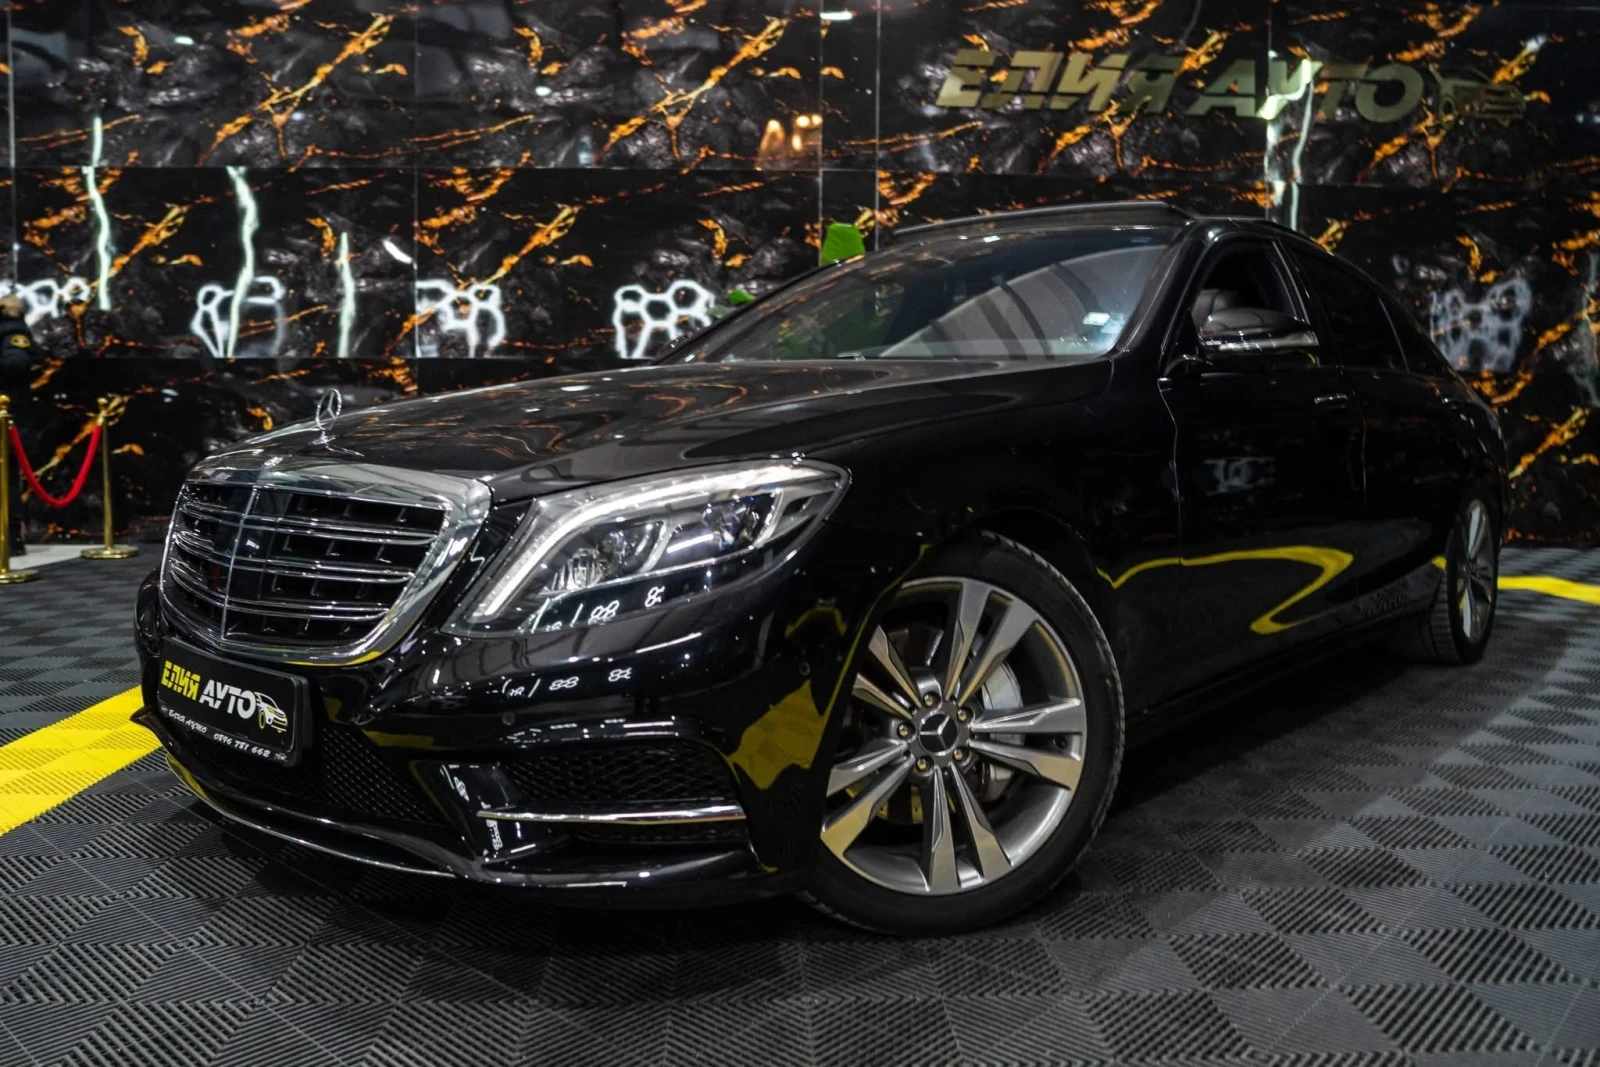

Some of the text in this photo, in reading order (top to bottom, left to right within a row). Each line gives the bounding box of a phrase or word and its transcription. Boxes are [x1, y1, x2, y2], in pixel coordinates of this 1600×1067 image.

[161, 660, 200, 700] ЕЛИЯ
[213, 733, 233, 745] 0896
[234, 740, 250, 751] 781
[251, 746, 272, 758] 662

------------------------

> **TASK**
Copy out the material exactly as it stands, though no picture should appear in the copy.

> **RESPONSE FOR THIS EXERCISE**
Some of the text in this photo, in reading order (top to bottom, left to right within a row). Each line gives the bounding box of a phrase or word and its transcription. Boxes are [x1, y1, x2, y2], in pixel coordinates of this 1600×1067 image.

[161, 660, 200, 700] ЕЛИЯ
[213, 733, 233, 745] 0896
[234, 740, 250, 751] 781
[251, 746, 272, 758] 662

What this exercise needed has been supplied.